Vaccination of mice with a peptide corresponding to the extracellular part of M2 protein coupled to the immunodominant domain of hepatitis B core can protect mice from a lethal challenge with influenza A virus. As the extracellular part of M2 protein is highly conserved in all known human influenza A strains, such a vaccine may protect against all human influenza A strains, which would represent a major advantage over current vaccine strategies. The present study demonstrates that protection is mediated exclusively by Abs, a very important feature of a successful preventive vaccine. However, these Abs neither bind efficiently to the free virus nor neutralize virus infection, but bind to M2 protein expressed on the surface of virus-infected cells.
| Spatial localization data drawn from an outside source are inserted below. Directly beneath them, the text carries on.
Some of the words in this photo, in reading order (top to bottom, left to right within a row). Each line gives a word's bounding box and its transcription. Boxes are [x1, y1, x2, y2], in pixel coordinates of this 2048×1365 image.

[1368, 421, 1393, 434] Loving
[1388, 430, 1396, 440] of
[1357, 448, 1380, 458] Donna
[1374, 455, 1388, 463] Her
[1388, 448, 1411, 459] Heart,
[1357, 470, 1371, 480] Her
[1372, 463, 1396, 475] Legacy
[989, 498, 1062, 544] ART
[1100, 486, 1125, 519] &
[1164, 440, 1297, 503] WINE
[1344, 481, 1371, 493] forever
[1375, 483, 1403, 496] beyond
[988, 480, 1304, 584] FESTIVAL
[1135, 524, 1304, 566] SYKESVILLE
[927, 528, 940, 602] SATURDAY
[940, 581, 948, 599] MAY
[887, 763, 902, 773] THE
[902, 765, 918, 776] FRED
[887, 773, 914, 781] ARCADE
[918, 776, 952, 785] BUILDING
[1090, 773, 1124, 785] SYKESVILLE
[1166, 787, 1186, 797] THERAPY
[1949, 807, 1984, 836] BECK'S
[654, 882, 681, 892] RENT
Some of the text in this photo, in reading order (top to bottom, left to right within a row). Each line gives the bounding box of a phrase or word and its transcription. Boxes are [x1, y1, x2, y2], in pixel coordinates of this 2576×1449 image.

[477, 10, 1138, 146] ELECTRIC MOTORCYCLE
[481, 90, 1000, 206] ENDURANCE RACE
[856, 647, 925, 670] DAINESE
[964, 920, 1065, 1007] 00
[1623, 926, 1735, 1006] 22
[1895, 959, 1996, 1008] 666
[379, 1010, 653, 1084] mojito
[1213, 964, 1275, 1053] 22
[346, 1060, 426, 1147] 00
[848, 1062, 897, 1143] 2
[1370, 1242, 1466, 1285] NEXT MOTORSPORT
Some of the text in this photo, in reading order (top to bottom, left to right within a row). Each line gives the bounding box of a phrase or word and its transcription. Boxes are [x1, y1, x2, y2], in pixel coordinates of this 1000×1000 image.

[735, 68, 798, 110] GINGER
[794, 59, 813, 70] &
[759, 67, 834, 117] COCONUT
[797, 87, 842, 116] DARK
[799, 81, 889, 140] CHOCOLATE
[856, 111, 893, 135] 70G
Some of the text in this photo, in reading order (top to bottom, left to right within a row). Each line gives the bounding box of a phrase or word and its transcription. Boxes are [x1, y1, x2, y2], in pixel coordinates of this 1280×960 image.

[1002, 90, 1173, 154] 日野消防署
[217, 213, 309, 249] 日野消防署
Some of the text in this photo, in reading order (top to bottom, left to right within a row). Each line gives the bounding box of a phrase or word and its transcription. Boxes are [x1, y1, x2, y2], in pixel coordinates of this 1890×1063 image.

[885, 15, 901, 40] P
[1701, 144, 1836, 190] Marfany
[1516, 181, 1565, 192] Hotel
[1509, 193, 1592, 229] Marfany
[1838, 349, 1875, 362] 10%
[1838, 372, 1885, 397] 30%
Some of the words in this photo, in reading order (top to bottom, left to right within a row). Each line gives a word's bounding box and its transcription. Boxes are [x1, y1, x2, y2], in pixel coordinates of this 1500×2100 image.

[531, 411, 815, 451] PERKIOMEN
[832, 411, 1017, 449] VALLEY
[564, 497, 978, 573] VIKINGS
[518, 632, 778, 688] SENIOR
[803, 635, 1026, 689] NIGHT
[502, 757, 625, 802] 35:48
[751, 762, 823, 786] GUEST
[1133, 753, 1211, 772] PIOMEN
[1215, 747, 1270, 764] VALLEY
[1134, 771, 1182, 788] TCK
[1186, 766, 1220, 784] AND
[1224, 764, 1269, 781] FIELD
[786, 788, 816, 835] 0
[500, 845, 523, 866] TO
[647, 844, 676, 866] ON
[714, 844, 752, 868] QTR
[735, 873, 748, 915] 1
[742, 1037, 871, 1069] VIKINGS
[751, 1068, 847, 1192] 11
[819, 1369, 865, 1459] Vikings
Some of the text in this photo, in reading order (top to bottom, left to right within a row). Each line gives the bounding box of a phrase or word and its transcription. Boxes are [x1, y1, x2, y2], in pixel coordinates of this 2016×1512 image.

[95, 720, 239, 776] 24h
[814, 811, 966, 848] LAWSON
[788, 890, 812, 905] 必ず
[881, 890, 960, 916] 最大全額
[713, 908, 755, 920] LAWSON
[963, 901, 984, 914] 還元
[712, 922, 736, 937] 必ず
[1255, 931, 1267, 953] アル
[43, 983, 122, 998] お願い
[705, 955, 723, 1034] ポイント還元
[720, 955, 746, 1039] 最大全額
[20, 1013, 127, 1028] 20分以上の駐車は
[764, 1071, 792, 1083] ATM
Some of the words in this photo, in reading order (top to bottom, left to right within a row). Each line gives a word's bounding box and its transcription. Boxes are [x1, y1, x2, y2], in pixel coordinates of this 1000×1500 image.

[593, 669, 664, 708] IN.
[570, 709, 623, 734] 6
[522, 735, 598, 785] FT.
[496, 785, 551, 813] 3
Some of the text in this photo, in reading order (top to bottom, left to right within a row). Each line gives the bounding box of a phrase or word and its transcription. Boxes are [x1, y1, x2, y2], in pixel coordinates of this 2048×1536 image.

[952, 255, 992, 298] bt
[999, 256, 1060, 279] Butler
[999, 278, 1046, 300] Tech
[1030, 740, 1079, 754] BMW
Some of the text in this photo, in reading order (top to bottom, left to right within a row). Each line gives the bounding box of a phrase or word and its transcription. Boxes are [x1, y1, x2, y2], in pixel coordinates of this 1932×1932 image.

The presence of NK cells is important for protection, whereas complement is not, supposing that protection is mediated via Ab-dependent, cell-mediated cytotoxicity. The absence of neutralizing Abs results in much weaker protection than that achieved by vaccination with UV-inactivated influenza virus. Specifically, whereas neutralizing Abs completely eliminate signs of disease even at high viral challenge doses, M2-specific Abs cannot prevent infection, but merely reduce disease at low challenge doses. M2-specific Abs fail to protect from high challenge doses, as vaccinated mice undergo lethal infection under these conditions. In conclusion, protection mediated by M2-hepatitis B core vaccine would be insufficient during the yearly epidemics, for which full protection is desirable, and overall is clearly inferior to protection achieved by immunization with classical inactivated viral preparations.